__Task prompt__. Print every line below exactly. Skip the pictures.

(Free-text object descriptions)
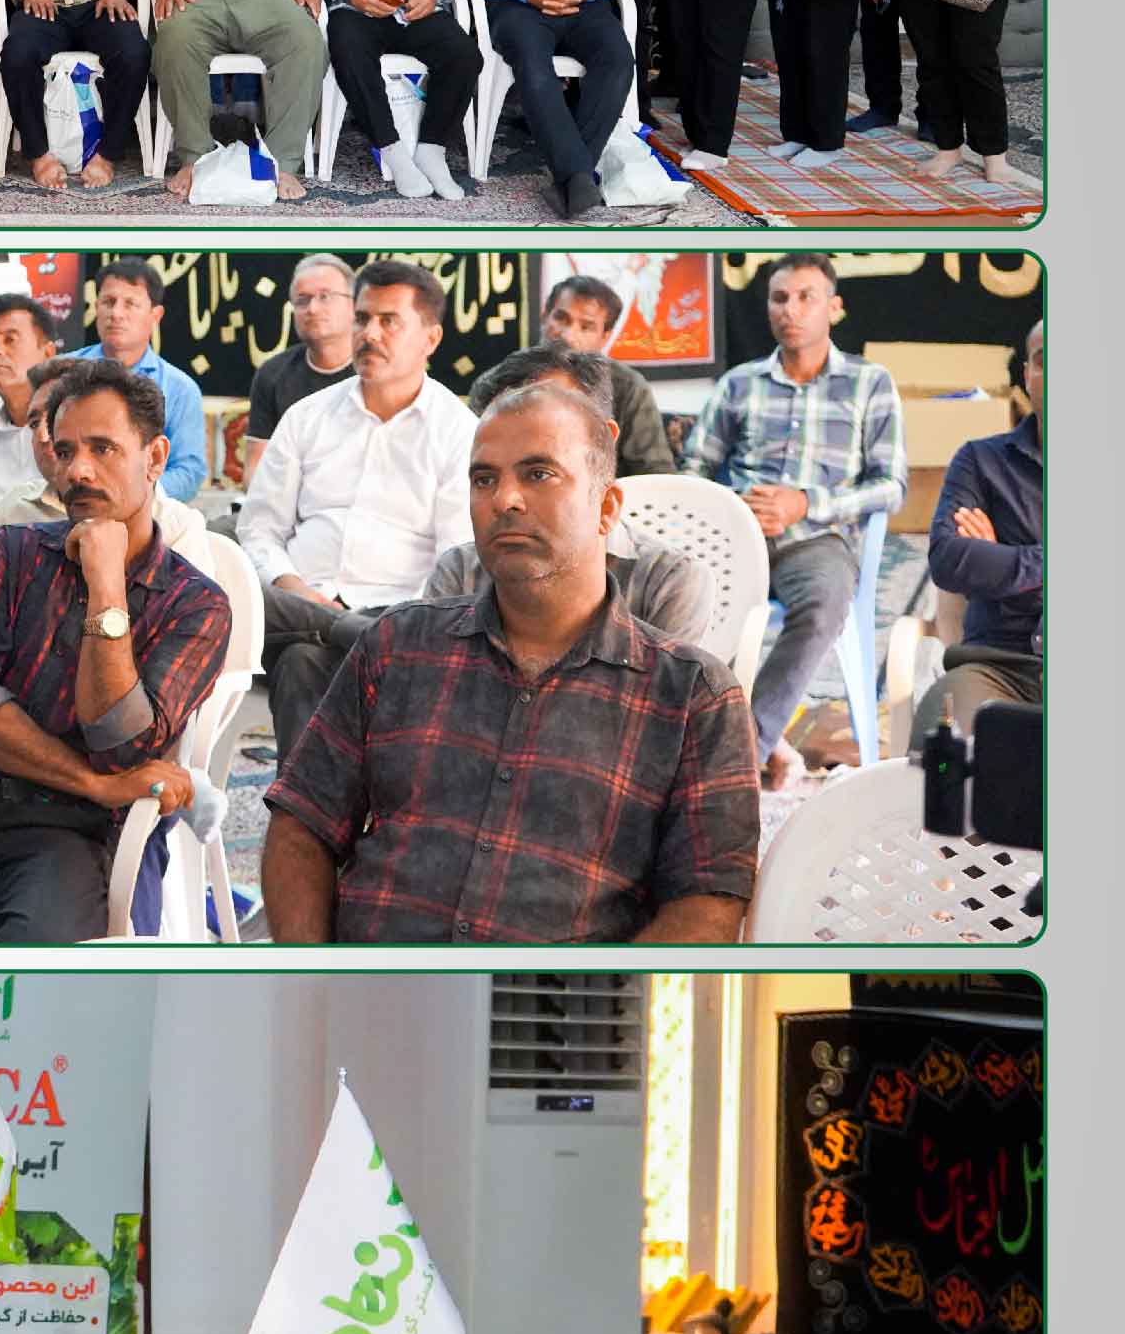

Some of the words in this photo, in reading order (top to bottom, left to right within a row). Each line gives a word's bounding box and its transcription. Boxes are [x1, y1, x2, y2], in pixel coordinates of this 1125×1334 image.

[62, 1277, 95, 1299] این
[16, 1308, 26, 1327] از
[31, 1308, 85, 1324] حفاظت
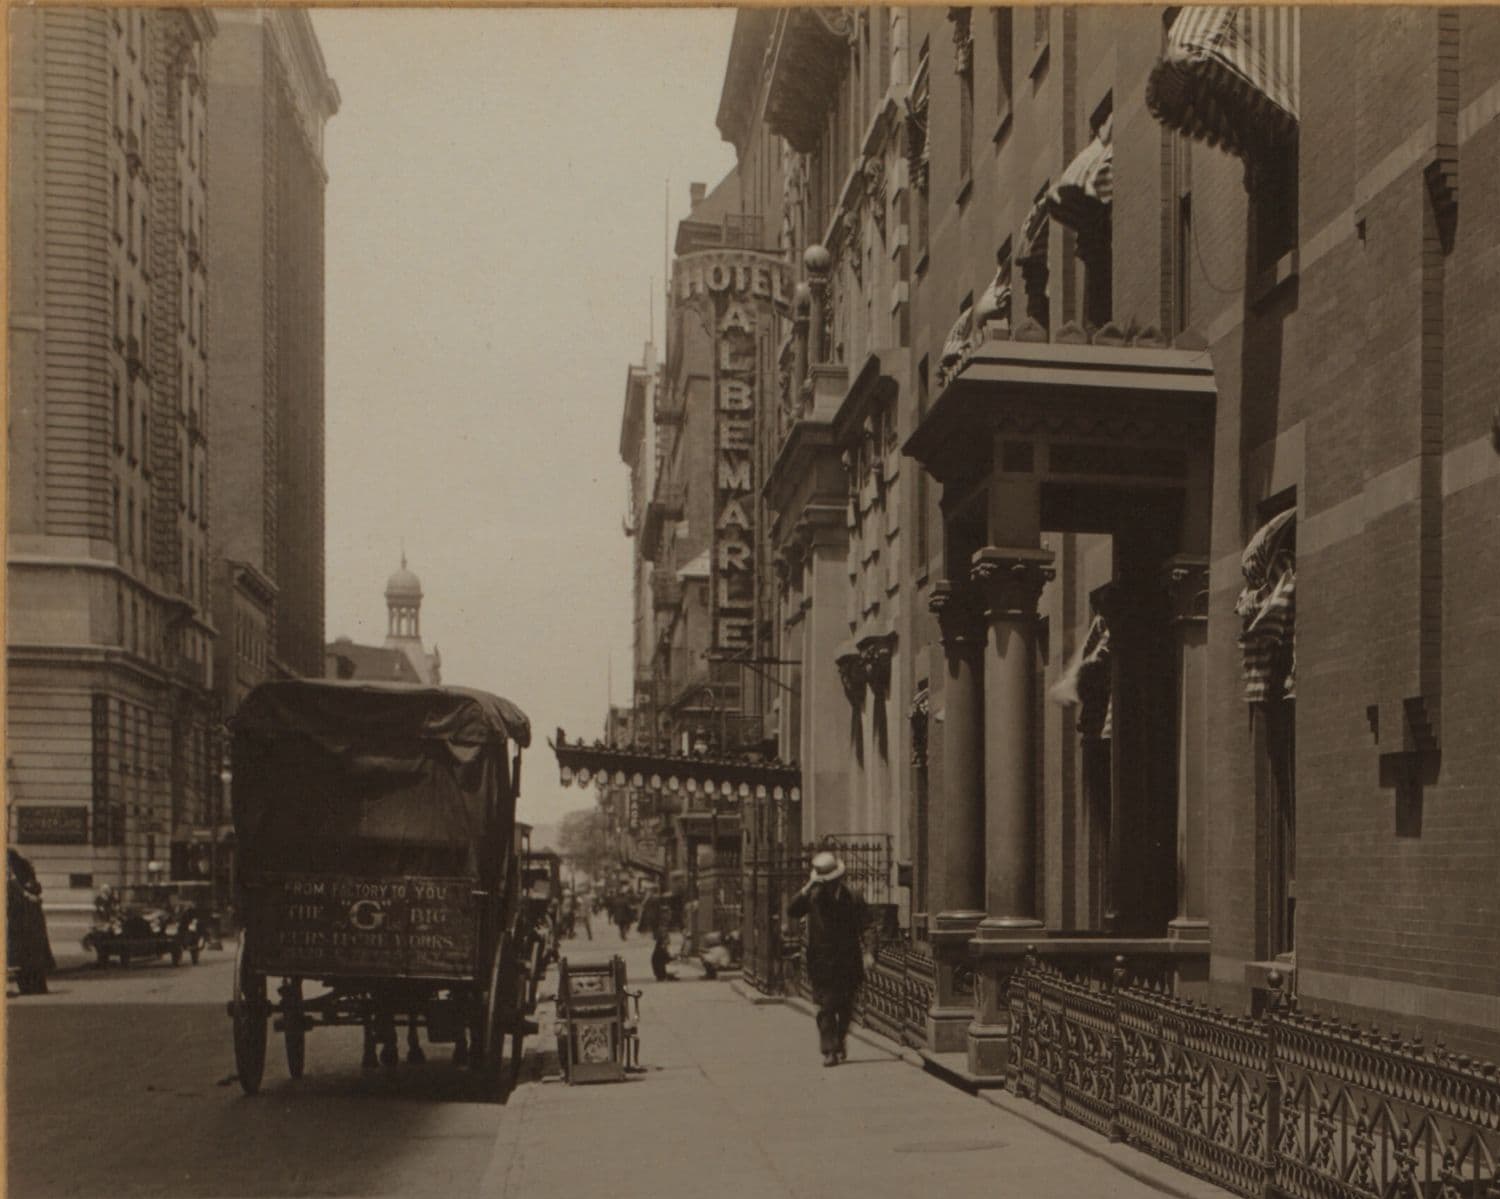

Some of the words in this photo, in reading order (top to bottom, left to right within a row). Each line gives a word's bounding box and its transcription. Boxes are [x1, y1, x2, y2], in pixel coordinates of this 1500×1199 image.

__Reply__.
Some of the words in this photo, in reading order (top to bottom, left to right within a row). Each line gives a word's bounding box and its transcription. Boxes are [x1, y1, x2, y2], in pixel coordinates of this 1125×1334 image.

[62, 1277, 95, 1299] این
[16, 1308, 26, 1327] از
[31, 1308, 85, 1324] حفاظت

Some of the words in this photo, in reading order (top to bottom, left to right within a row). Each line gives a word's bounding box and its transcription. Boxes are [x1, y1, x2, y2], in pixel coordinates of this 1500×1199 image.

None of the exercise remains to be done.